The EUR/USD depreciation deepened. Will the market begin to believe in the relatively hawkish Fed and the maintenance of a dovish attitude by the ECB? The zloty leads in falls. It lost the most among both developed and emerging market currencies. The EUR/PLN tested the 4.18 PLN area and the dollar reached 3.50 PLN.
The most important macro data (CET - Central European Time). Surveys of macro data are based on information from Bloomberg unless noted otherwise.
No macro data that clearly influences the analysed currency pairs.
Good data from the eurozone. EUR/USD continued to depreciate.
In the morning, the dollar rose significantly. The EUR/USD has been falling noticeably below the 1.1950 level. Better than expected data from the eurozone has become secondary and signals from the debt instrument market were in the foreground. This is due to US Treasury bond yields that will be maturing in 10 years rising to 2.5% as well as the spread between the US and German instruments having the same maturity widening.
Data from Germany can be mainly considered positive in the case of eurozone readings. Industrial production in Germany grew by 5.6% in November. This is almost 2 percent more than the market consensus had indicated and is the highest value in over 6 years. Destatis data also showed an approximate 7% increase in the capital goods production, which may suggest an increase in enterprises spendings.
Data on German foreign trade is also positive. Exports and imports are increasing at a level of over 8% year-on-year and trade surplus amounted to 23.7 billion EUR in November. IT is over 2 billion more than the consensus. With the appreciating euro on the global market, it may be assumed that the German economy is still competitive.

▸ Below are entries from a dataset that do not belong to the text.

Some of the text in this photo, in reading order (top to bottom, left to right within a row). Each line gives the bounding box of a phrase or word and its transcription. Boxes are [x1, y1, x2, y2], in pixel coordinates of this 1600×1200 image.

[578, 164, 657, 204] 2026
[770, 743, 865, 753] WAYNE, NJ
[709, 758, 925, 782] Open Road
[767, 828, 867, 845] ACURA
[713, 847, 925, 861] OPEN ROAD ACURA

November's data on the unemployment rate of the eurozone as a whole was published today. As expected, it fell by 0.1 pts to 8.7%. The result is still high even though it fell to the lowest level since 2009. The lowest percentage of jobseekers in the EU are in the Czech Republic (2.5%) and Germany (3.6%). Poland ended up at seventh place with the result of 4.5% (seasonally adjusted).
Positive data from the eurozone did not prevent the EUR/USD from depreciation or an increase in German government bond yields. Therefore, the investors still don’t believe in a quick exit from the ECB's ultra mild monetary policy.

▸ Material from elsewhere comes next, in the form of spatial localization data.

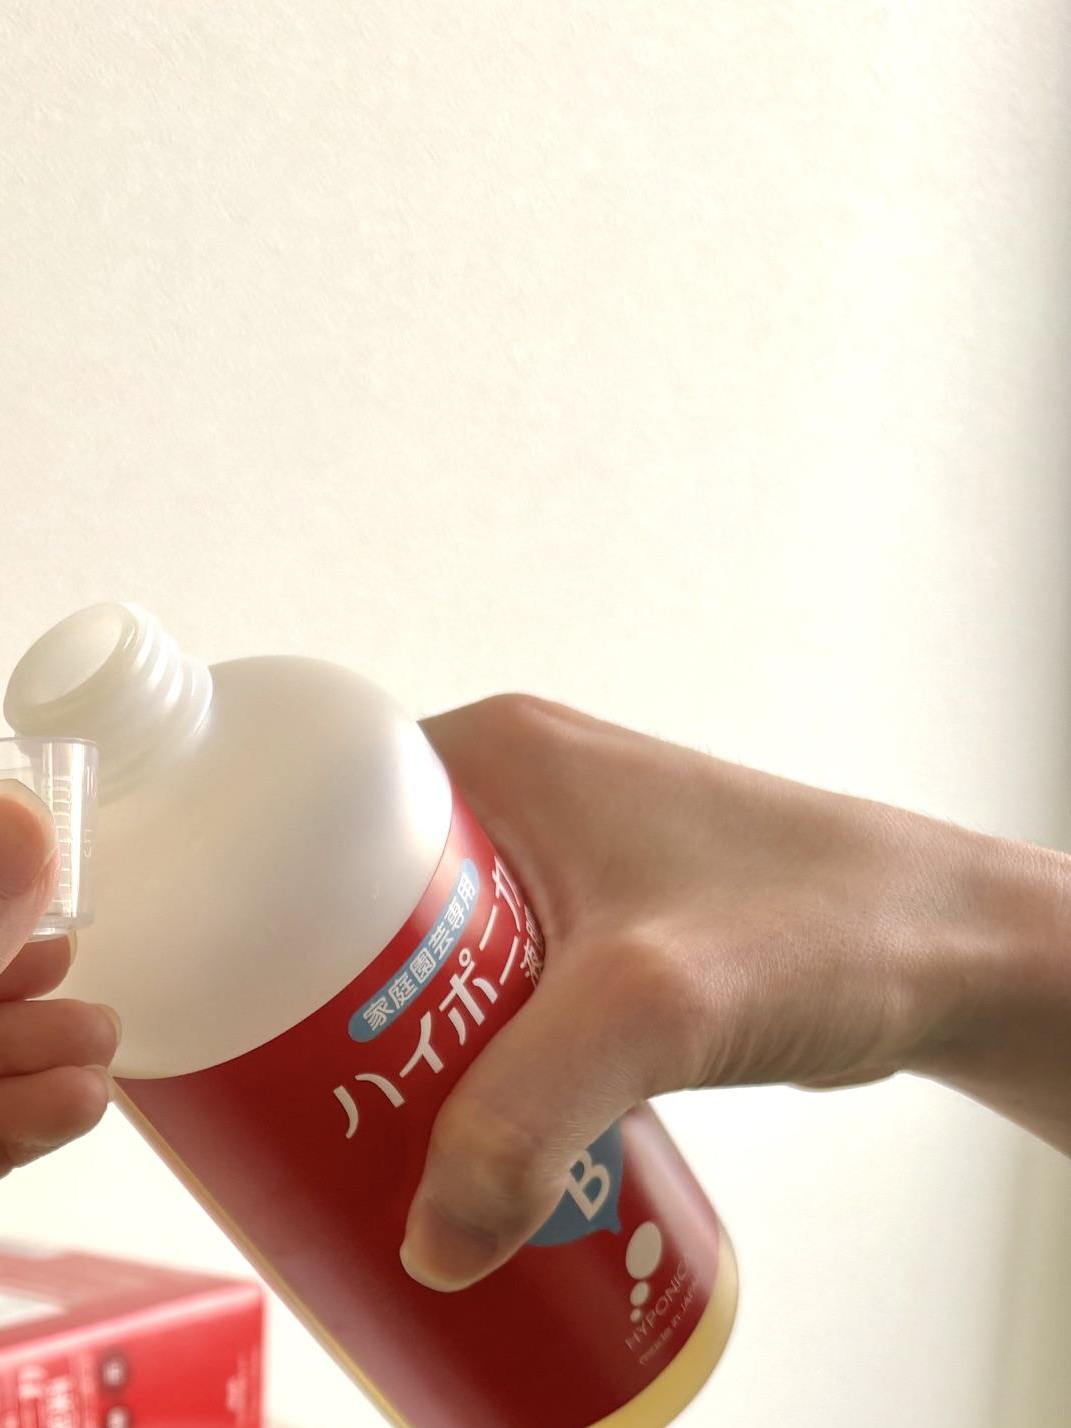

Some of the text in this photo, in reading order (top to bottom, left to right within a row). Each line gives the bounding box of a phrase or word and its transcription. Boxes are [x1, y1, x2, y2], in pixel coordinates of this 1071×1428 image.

[332, 854, 521, 1140] ハイポニカ
[362, 871, 476, 1032] 家庭園芸専用
[563, 1150, 612, 1222] B
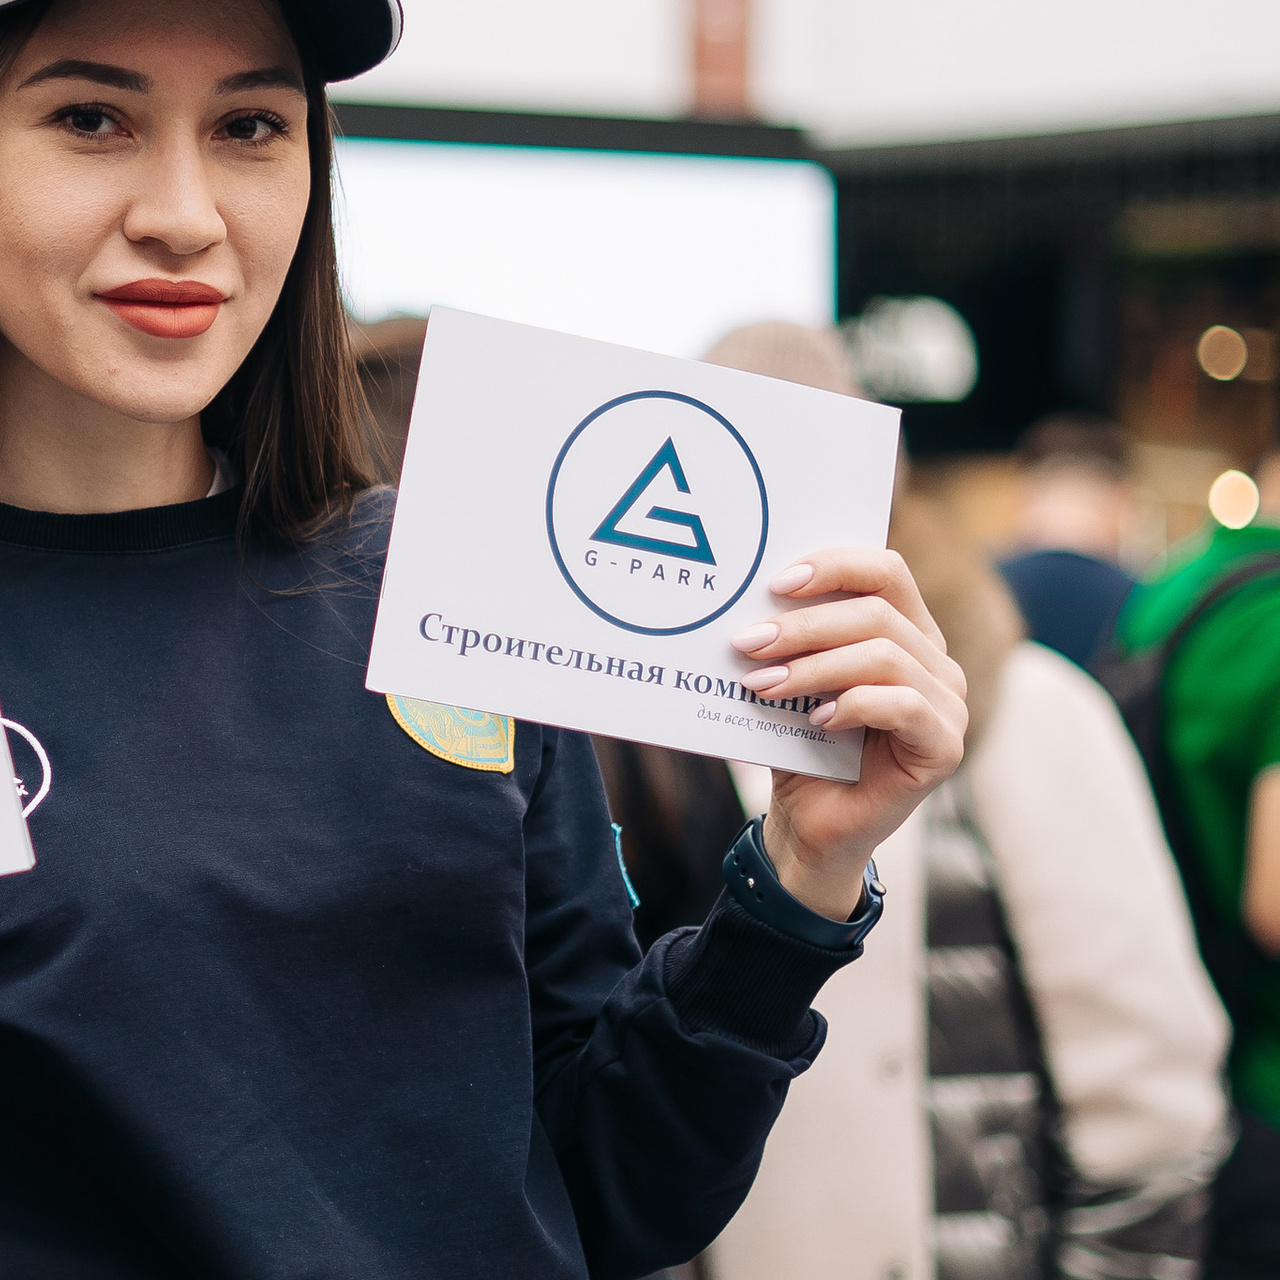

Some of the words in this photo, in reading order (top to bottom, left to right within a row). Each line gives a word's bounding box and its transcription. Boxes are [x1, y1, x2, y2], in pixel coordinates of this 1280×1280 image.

[584, 549, 718, 591] G-PARK
[418, 611, 666, 686] Строительная
[696, 703, 721, 722] для
[724, 713, 753, 730] всех

In the USA, yields of 10-year Treasury bonds have in turn exceeded the 2.5% level during Europe’s morning trade. The spread on Treasury bond yields maturing in 10 years expanded to 207 basis points. By the end of the year, the market already calculated over 2.5 percent in interest rates increases by 0.25 percentage points each (66 basis points) by the Fed.

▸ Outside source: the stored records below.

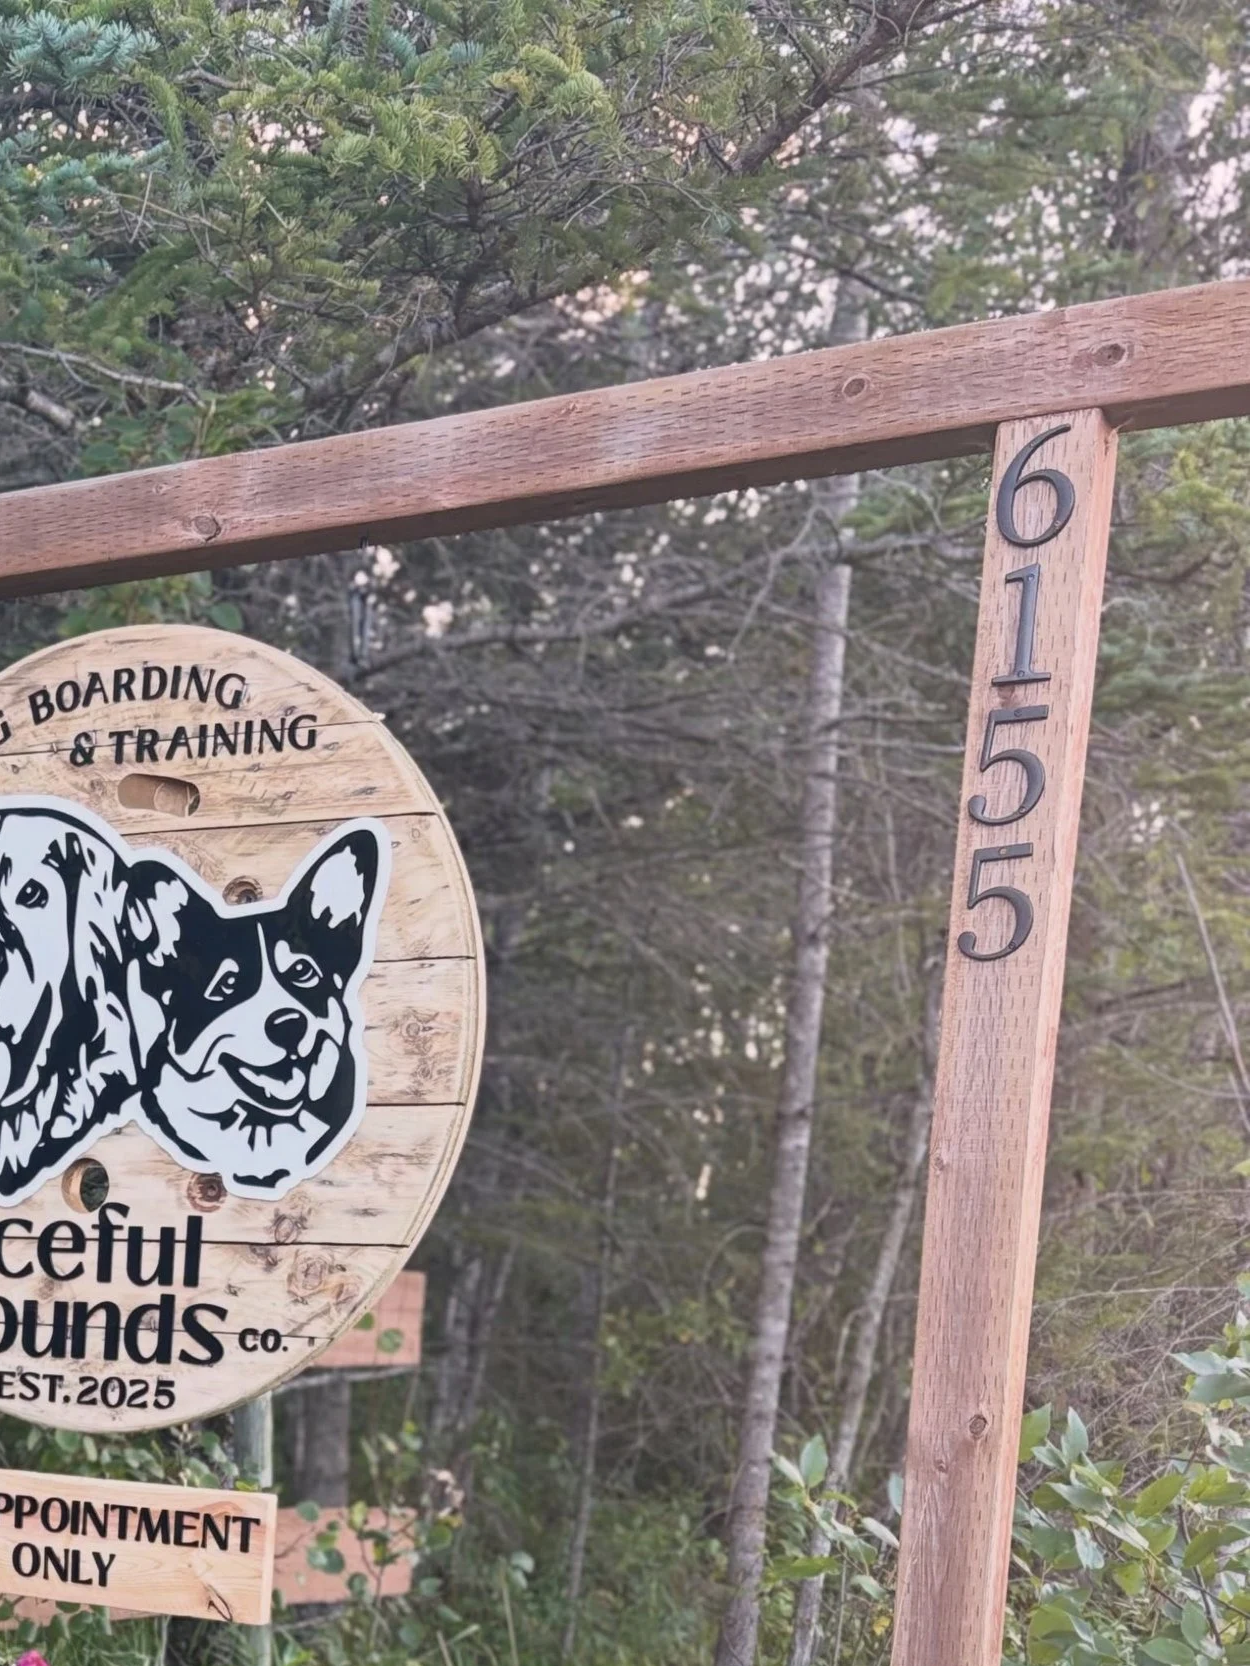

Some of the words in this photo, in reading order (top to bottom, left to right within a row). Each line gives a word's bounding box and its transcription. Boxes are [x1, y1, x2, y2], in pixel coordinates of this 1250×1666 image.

[28, 664, 247, 726] BOARDING
[957, 423, 1076, 962] 61555
[69, 732, 96, 767] &
[108, 713, 319, 765] TRAINING
[12, 1542, 116, 1587] ONLY

Growing expectations for future interest rates and a lack of similar movements in the eurozone caused EUR/USD falls. Friday's US inflation data will be crucial for the main currency pair. If core prices increase faster than 1.8% year-on-year, then the downward pressure on EUR/USD may remain, especially as inflationary processes in the eurozone are extremely suppressed.
Zloty under pressure
As the zloty was clearly appreciating during EUR/USD increases and as US government bond yields remained low, it is currently depreciating greatly. The Polish currency is the weakest among 31 emerging currencies in developing countries in relation to Friday's closure. The zloty lost 1.5% to the dollar and 0.6% to the euro. The Czech crown and the Hungarian forint lost 0.4% and 0.6% less than the zloty, respectively.
Part of Latin American and Asian currencies have barely weakened. This suggests that the current depreciation of the zloty isn’t a result of sales of all emerging markets, which should stabilise the zloty. On the other hand, a strong rebound of previous changes shows that the Polish currency is still very sensitive to even relatively small changes in global sentiment.
As noticed in previous days, the US government bond's behaviour will be crucial. Friday's inflation data from the US will be as well. If it turns out that the US inflationary processes are accelerating, the pressure on the zloty could increase (especially in relation to the dollar).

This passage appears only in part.